> [Activity]
Reading the records below, how many lines contain "Program"? Respond with a number and nothing else.

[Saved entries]
◆ ◆ ◆ ◆

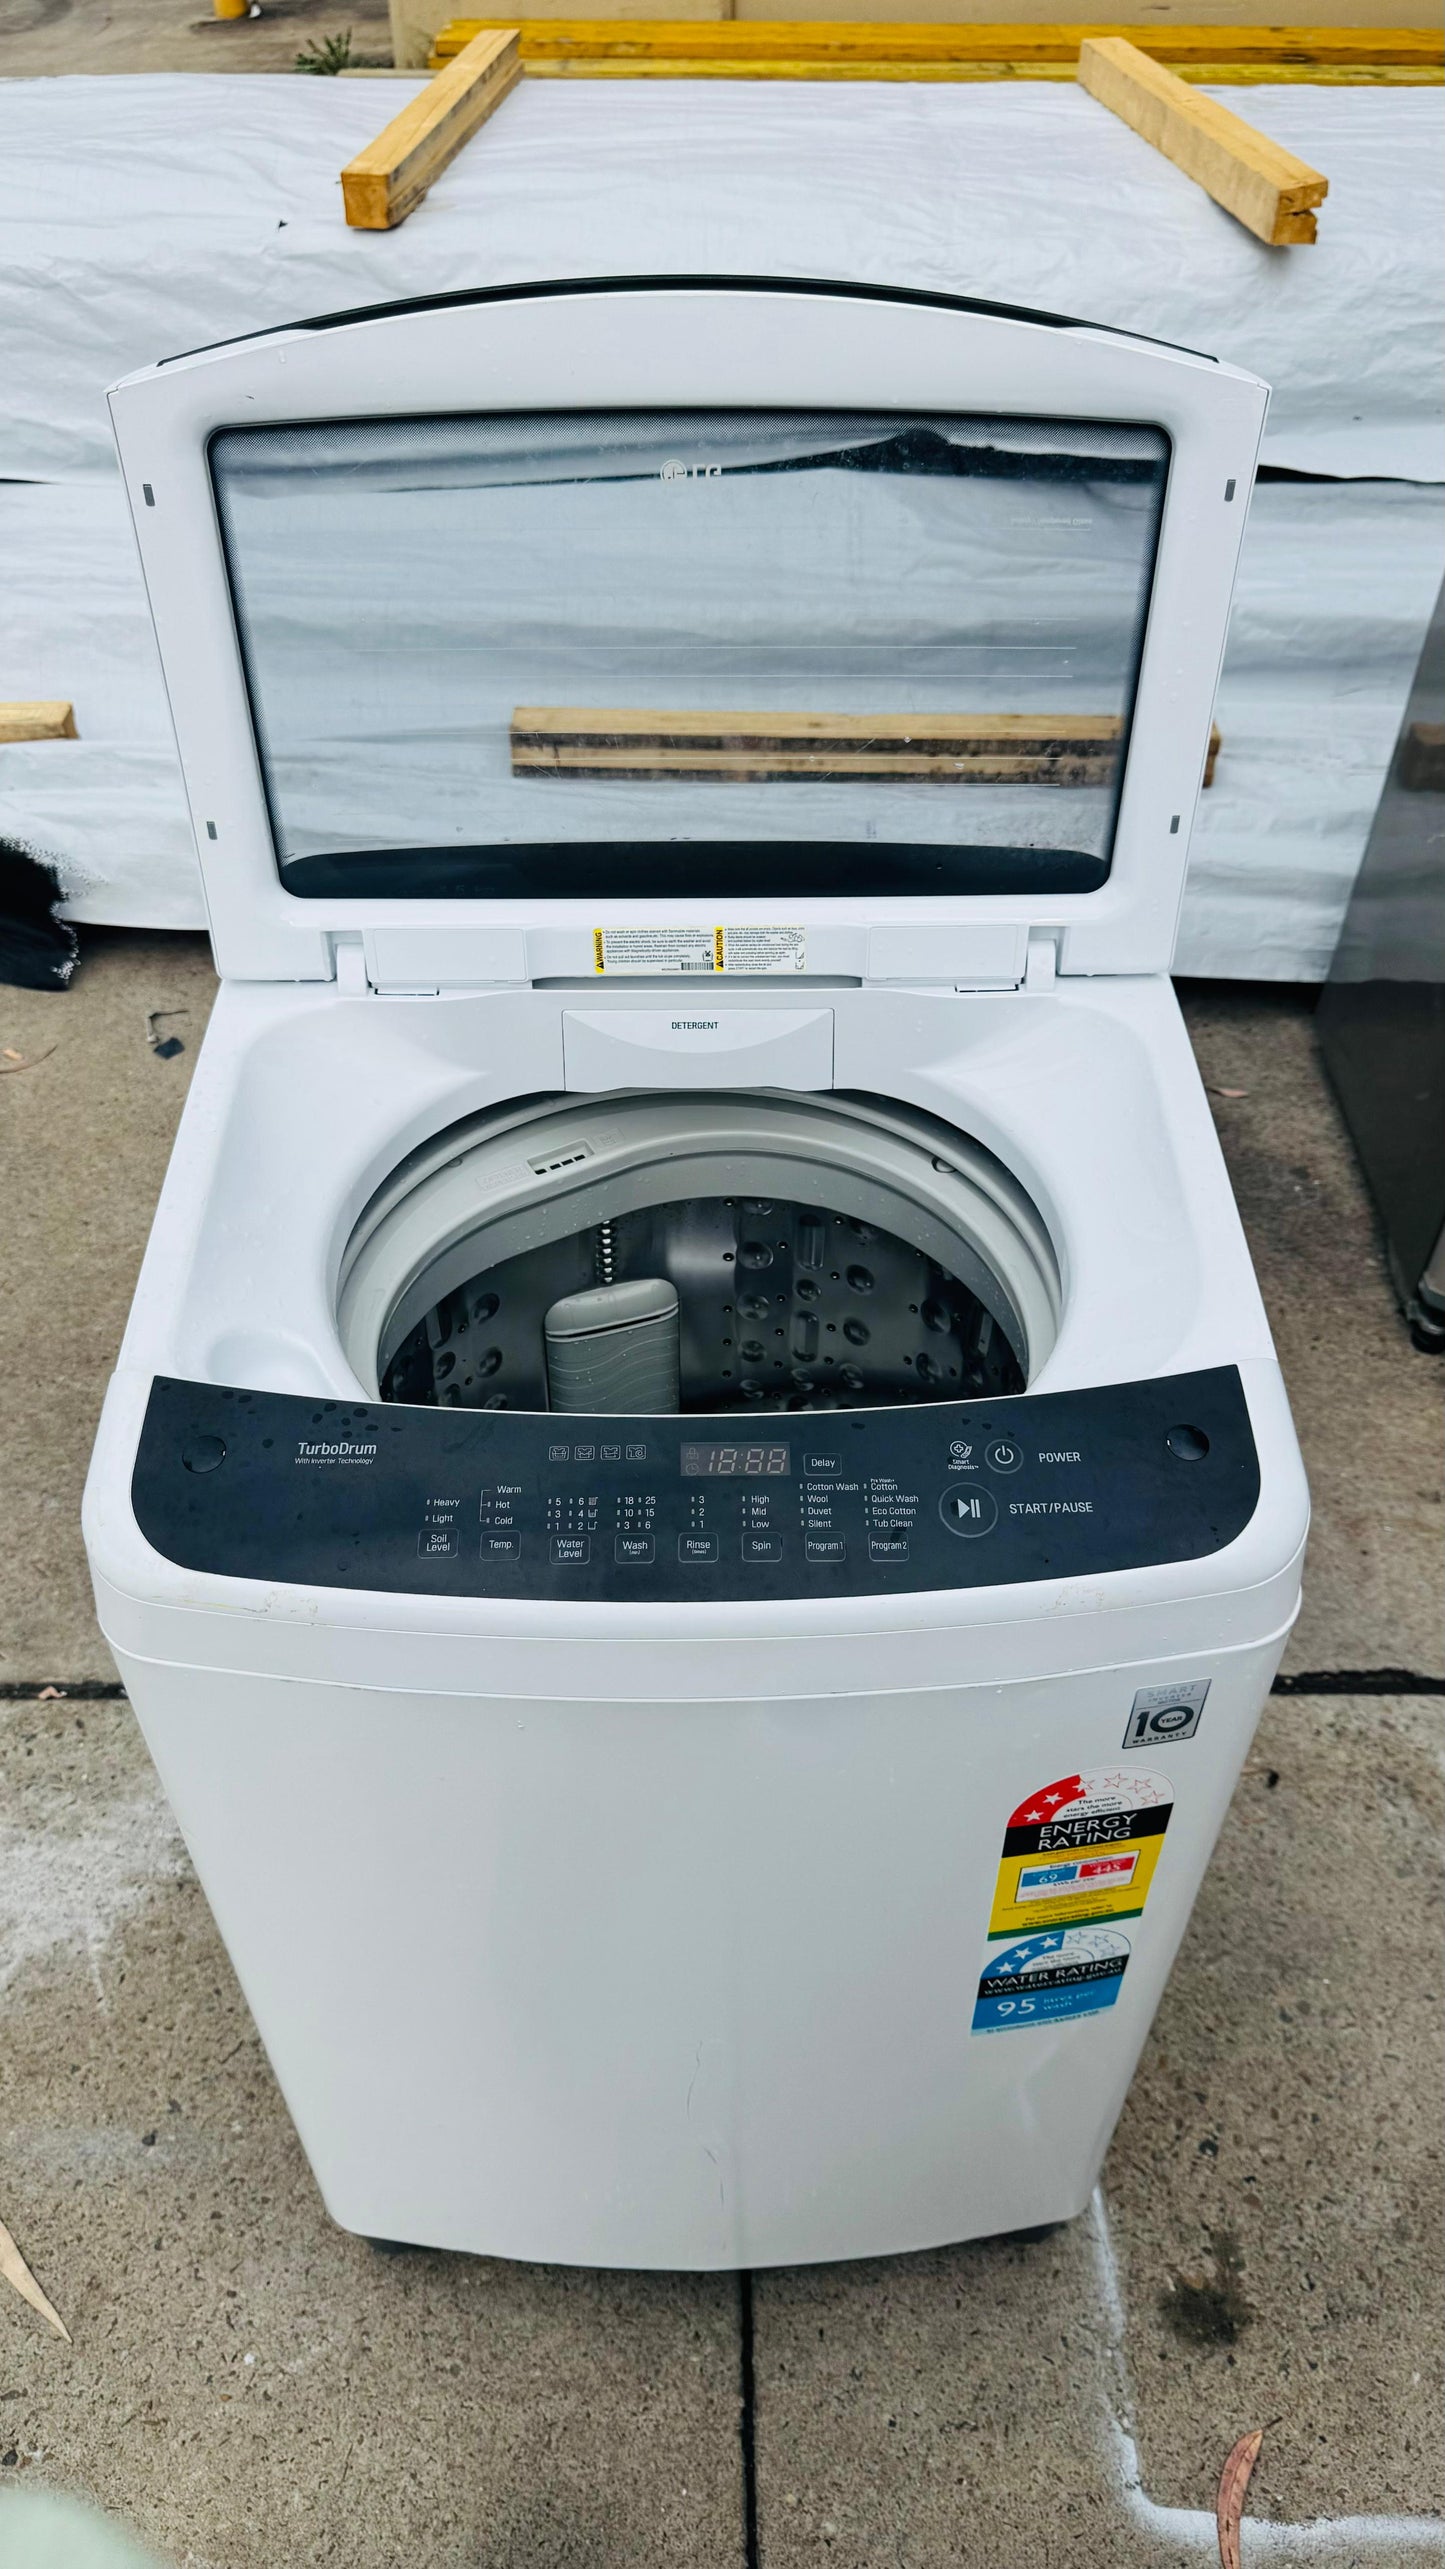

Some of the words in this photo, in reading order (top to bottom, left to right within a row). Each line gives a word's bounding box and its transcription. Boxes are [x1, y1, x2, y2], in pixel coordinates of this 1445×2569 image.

[672, 1022, 719, 1030] DETERGENT
[298, 1442, 377, 1455] TurboDrum
[1038, 1452, 1081, 1463] POWER
[811, 1458, 835, 1468] Delay
[497, 1486, 521, 1494] Warm
[807, 1482, 834, 1491] Cotton
[835, 1482, 859, 1490] Wash
[870, 1483, 897, 1491] Cotton
[434, 1499, 460, 1507] Heavy
[578, 1497, 584, 1505] 6
[624, 1496, 634, 1505] 18
[645, 1496, 656, 1504] 25
[698, 1496, 704, 1504] 3
[751, 1495, 769, 1504] High
[807, 1495, 828, 1503] Wool
[872, 1495, 893, 1503] Quick
[895, 1495, 919, 1503] Wash
[698, 1508, 704, 1516] 2
[751, 1507, 766, 1515] Mid
[808, 1507, 832, 1515] Duvet
[873, 1507, 887, 1515] Eco
[889, 1507, 916, 1515] Cotton
[1009, 1502, 1094, 1514] START/PAUSE
[555, 1510, 561, 1518] 3
[624, 1509, 634, 1517] 10
[646, 1509, 654, 1517] 15
[432, 1515, 453, 1524] Light
[494, 1517, 513, 1525] Cold
[700, 1520, 704, 1528] 1
[751, 1520, 769, 1528] Low
[808, 1519, 831, 1528] Silent
[873, 1519, 888, 1527] Tub
[890, 1519, 913, 1527] Clean
[555, 1522, 559, 1530] 1
[578, 1522, 583, 1530] 2
[624, 1521, 630, 1529] 3
[645, 1521, 651, 1529] 6
[431, 1534, 447, 1543] Soil
[426, 1542, 450, 1552] Level
[489, 1540, 514, 1550] Temp.
[557, 1539, 584, 1548] Water
[622, 1541, 648, 1549] Wash
[686, 1540, 710, 1549] Rinse
[752, 1541, 771, 1551] Spin
[808, 1541, 838, 1551] Program
[872, 1541, 902, 1551] Program
[903, 1541, 907, 1549] 2
[559, 1549, 582, 1558] Level
[1136, 1706, 1194, 1737] 10
[1161, 1716, 1183, 1724] YEAR
[1133, 1731, 1186, 1744] WARRANTY
[1040, 1813, 1137, 1838] ENERGY
[1038, 1827, 1132, 1851] RATING
[1039, 1873, 1057, 1883] 69
[988, 1971, 1049, 1988] WATER
[1055, 1960, 1122, 1977] RATING
[997, 1998, 1036, 2017] 95

◆ ◆ ◆ ◆

> [Answer to this exercise]
2